Information given START

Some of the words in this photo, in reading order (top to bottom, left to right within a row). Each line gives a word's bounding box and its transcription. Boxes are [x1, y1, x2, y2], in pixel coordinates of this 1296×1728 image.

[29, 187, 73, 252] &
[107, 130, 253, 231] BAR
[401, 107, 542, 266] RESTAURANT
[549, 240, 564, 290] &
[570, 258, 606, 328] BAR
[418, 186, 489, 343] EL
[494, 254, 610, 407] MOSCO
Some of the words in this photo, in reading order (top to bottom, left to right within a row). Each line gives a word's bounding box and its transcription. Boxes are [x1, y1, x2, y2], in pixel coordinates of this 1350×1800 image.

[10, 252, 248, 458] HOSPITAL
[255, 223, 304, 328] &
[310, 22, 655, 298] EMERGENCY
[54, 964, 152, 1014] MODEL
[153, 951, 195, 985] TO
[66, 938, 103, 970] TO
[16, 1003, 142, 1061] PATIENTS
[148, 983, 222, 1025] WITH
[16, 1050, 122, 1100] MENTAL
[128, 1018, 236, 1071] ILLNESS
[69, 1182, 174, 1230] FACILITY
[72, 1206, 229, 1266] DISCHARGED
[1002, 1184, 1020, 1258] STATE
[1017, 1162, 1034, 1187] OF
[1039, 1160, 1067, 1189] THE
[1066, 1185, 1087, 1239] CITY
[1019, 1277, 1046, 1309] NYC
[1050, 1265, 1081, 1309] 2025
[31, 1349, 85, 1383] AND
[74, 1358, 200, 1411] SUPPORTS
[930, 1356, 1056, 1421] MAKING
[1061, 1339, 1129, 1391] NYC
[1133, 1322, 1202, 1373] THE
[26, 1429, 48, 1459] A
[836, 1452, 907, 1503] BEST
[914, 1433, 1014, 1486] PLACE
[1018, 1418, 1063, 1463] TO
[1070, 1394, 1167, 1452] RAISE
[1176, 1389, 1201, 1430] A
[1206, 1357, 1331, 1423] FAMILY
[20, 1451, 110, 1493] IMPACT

Information given END

# Task directions:
Reproduce each record exactly as written above.

# Your solution:
Some of the words in this photo, in reading order (top to bottom, left to right within a row). Each line gives a word's bounding box and its transcription. Boxes are [x1, y1, x2, y2], in pixel coordinates of this 1296×1728 image.

[29, 187, 73, 252] &
[107, 130, 253, 231] BAR
[401, 107, 542, 266] RESTAURANT
[549, 240, 564, 290] &
[570, 258, 606, 328] BAR
[418, 186, 489, 343] EL
[494, 254, 610, 407] MOSCO
Some of the words in this photo, in reading order (top to bottom, left to right within a row). Each line gives a word's bounding box and its transcription. Boxes are [x1, y1, x2, y2], in pixel coordinates of this 1350×1800 image.

[10, 252, 248, 458] HOSPITAL
[255, 223, 304, 328] &
[310, 22, 655, 298] EMERGENCY
[54, 964, 152, 1014] MODEL
[153, 951, 195, 985] TO
[66, 938, 103, 970] TO
[16, 1003, 142, 1061] PATIENTS
[148, 983, 222, 1025] WITH
[16, 1050, 122, 1100] MENTAL
[128, 1018, 236, 1071] ILLNESS
[69, 1182, 174, 1230] FACILITY
[72, 1206, 229, 1266] DISCHARGED
[1002, 1184, 1020, 1258] STATE
[1017, 1162, 1034, 1187] OF
[1039, 1160, 1067, 1189] THE
[1066, 1185, 1087, 1239] CITY
[1019, 1277, 1046, 1309] NYC
[1050, 1265, 1081, 1309] 2025
[31, 1349, 85, 1383] AND
[74, 1358, 200, 1411] SUPPORTS
[930, 1356, 1056, 1421] MAKING
[1061, 1339, 1129, 1391] NYC
[1133, 1322, 1202, 1373] THE
[26, 1429, 48, 1459] A
[836, 1452, 907, 1503] BEST
[914, 1433, 1014, 1486] PLACE
[1018, 1418, 1063, 1463] TO
[1070, 1394, 1167, 1452] RAISE
[1176, 1389, 1201, 1430] A
[1206, 1357, 1331, 1423] FAMILY
[20, 1451, 110, 1493] IMPACT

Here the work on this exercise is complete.